Saved data entries:
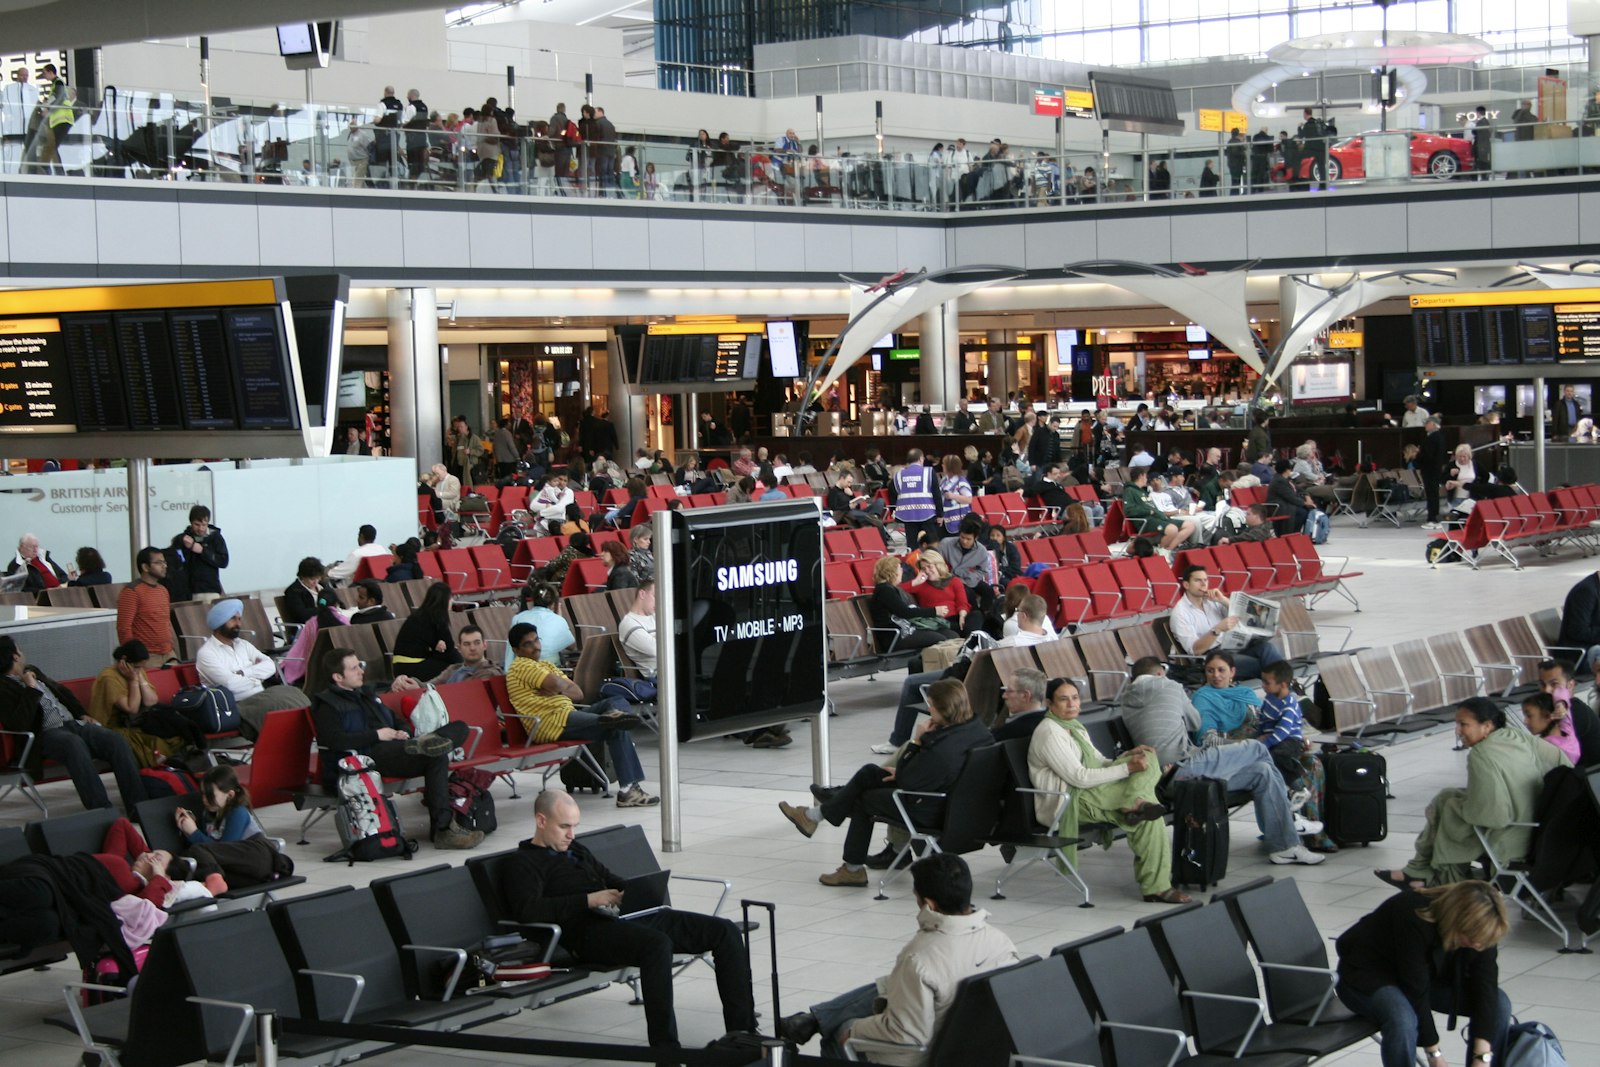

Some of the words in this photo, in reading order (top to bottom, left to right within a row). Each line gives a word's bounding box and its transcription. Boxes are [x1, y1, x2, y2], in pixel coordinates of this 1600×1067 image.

[1455, 111, 1500, 122] SOY
[1091, 375, 1119, 397] PRET
[51, 487, 100, 499] BRITISH
[51, 503, 103, 514] Customer
[717, 559, 798, 591] SAMSUNG
[714, 625, 728, 643] TV
[737, 618, 775, 639] MOBILE
[783, 614, 804, 633] MP3

> What to produce
With the pictures set aside, please write out all of the records above exactly.

> Response to the exercise
Some of the words in this photo, in reading order (top to bottom, left to right within a row). Each line gives a word's bounding box and its transcription. Boxes are [x1, y1, x2, y2], in pixel coordinates of this 1600×1067 image.

[1455, 111, 1500, 122] SOY
[1091, 375, 1119, 397] PRET
[51, 487, 100, 499] BRITISH
[51, 503, 103, 514] Customer
[717, 559, 798, 591] SAMSUNG
[714, 625, 728, 643] TV
[737, 618, 775, 639] MOBILE
[783, 614, 804, 633] MP3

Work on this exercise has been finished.